A la caza del conejo de pura raza aria

Jojo Rabbit es una sátira de un tema muchas veces ridiculizado: la absurda ideología nazi y el fanatismo que generó. Tarea difícil buscar un ángulo novedoso y, a la vez, dar un mensaje trascendente.

21/1/2020


Ernesto Carlín

ecarlin@editoraperu.com.pe

El neozelandés Taika Waititi lo logra con un filme ingenioso y, por partes, melodramático. Jojo (Roman Griffin) un niño alemán fanatizado, que tiene de amigo imaginario al mismo Hitler (Waititi en un papel delirante), quiere convertirse en un nazi a carta cabal. Sin embargo, el muchacho es tímido y no muy predispuesto a pelear a pesar de su adoración por los rituales y trajes de los fascistas.

La situación se le complica cuando descubre que en su casa se esconde la peor de sus pesadillas, que al final no era tan terrible.

La exageración es clave para el éxito de esta película. No es una descripción escrupulosa de los hechos –un pueblo alemán atrapado entre el fuego estadounidense y ruso que lleva una vida relativamente normal por buen tiempo–, pero eso no es impedimento para que muestre el lado sórdido de una ideología demencial y de los padecimientos de la guerra.

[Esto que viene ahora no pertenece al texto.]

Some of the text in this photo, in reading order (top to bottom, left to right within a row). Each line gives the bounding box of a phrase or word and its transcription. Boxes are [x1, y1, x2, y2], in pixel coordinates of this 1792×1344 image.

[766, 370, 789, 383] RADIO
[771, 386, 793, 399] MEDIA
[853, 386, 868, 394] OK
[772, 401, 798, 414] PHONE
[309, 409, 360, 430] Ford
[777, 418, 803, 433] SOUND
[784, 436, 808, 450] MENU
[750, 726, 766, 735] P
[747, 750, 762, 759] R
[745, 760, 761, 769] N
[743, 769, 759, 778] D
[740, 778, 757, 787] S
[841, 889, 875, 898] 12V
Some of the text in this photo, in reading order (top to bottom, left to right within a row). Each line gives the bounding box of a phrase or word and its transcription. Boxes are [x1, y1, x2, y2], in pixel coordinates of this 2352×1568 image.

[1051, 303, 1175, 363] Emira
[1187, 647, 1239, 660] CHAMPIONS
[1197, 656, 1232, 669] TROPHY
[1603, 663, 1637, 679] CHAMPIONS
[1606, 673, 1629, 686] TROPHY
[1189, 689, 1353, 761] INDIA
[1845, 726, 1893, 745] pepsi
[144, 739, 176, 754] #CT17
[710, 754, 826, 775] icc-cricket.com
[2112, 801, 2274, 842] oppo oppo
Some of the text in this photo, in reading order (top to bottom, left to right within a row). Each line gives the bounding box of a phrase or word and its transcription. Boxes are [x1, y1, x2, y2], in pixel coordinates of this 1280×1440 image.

Si solo nos quedáramos con los primeros minutos del filme, se tendría la impresión de que es una trivialización del nazismo, con un Hitler simpático e imaginario. Pero conforme avanza la trama, el relumbrón de ese Fuhrer de fantasía se va desfigurando. El protagonista atisba el equívoco en sus creencias y se transforma. El uso de fondo musical fuera del contexto cronológico apuntala el ambiente de fantasía. Imperdible: una inesperada ayuda al final.